Assinale-se que, sem embargo da situação sanitária prevalecente e das ameaças que sobre ela recaem (e.g., epidemia de dengue), não me parece que a Presidente-eleita venha privilegiando, precipuamente no episódio da seleção do futuro Ministro da Saúde, os critérios mais importantes, i.e., os do interesse do Povo brasileiro.
Para a Saúde, se carece a designação de pessoas de comprovada habilitação e competência administrativa. Em tempos de Fernando Henrique, quando correu o rumor de que José Serra seria o distinguido, sua designação foi combatida por aliados do Presidente, como Antonio Carlos Magalhães. O mais risível nessa contestação foi a circunstância de que o leigo José Serra era combatido por causa de sua competência administrativa.
Semelha, a respeito deveras ilustrativo o recente desaguisado provocado pela precipitação do governador Cabral, que anunciara para a imprensa a escolha de seu secretário Sérgio Cortes para o ministério da Saúde.

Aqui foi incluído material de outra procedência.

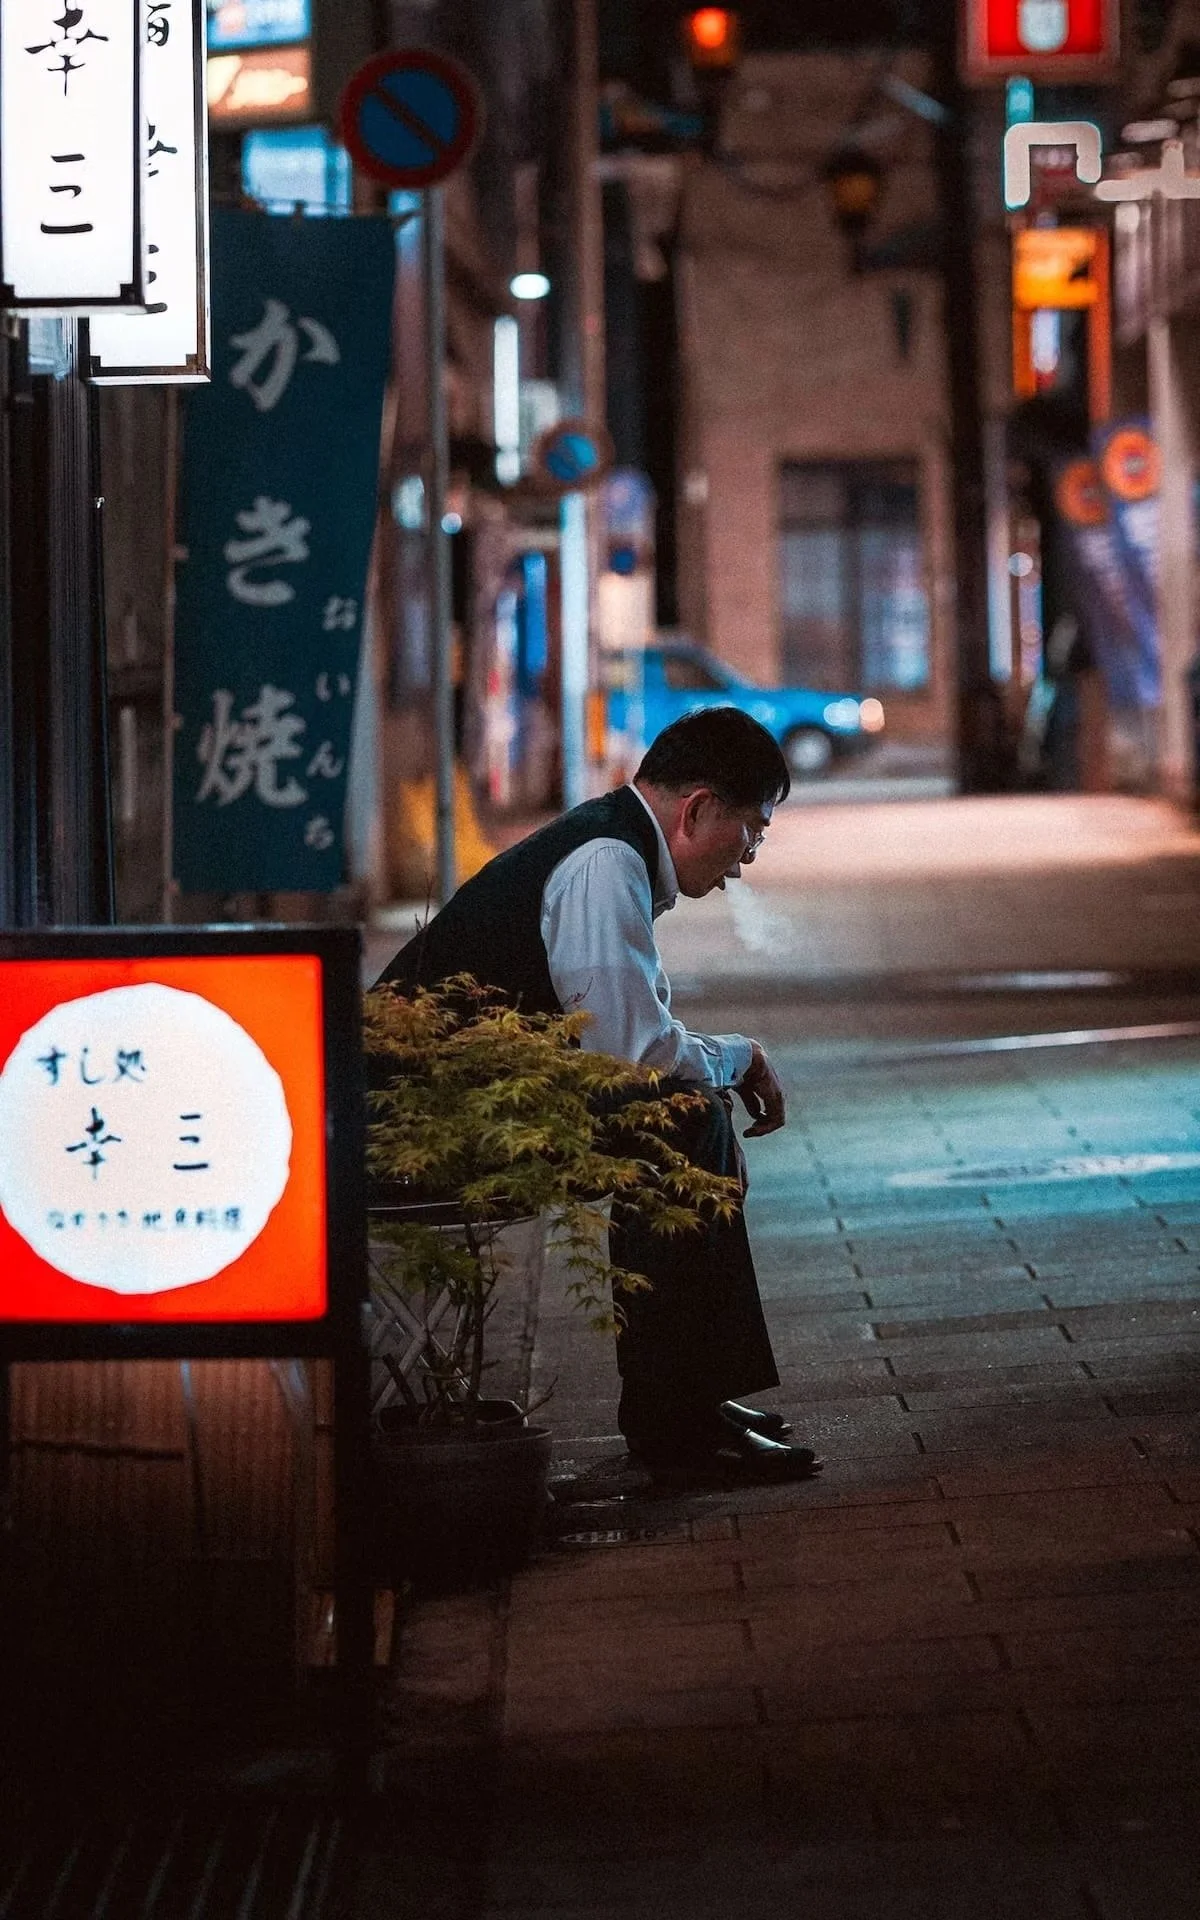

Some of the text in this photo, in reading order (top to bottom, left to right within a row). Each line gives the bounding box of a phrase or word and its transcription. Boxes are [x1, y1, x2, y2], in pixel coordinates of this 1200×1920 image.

[195, 299, 342, 808] かき焼
[36, 1045, 146, 1085] すし処
[65, 1106, 210, 1180] 幸三

À consequente reação da bancada do PMDB, que se opôs à inclusão de Cortes na quota partidária, se seguiu o desfazimento da indicação pela Presidente, que se incomodara com a indiscrição de Cabral.
Infelizmente, a Presidente-eleita não atentou para o interesse maior que reside nas aptidões e no caráter do candidato a Ministro. Malgrado as condições difíceis da saúde no Rio de Janeiro Sérgio, Cortes se tem empenhado de forma assinalada, sendo o propugnador das UPAs (Unidades de Pronto Atendimento) que, se não constituem panaceia, representam decerto mais uma tentativa de ampliar e diversificar o atendimento sanitário. Igualmente, o fato de Cortes estar jurado de morte, por grupos que antagonizou e cujas supostas irregularidades denunciou, não é elemento de somenos importância, nesse mar de peixes miúdos.
Por motivos políticos, Dilma disse desejar designar alguém na linha dos grandes gestores na saúde, como Jatene e Temporão. Se bem que a omissão seja humana e compreensível, a inclusão no rol do ‘candidato Serra’ daria a ela decerto mais grandeza.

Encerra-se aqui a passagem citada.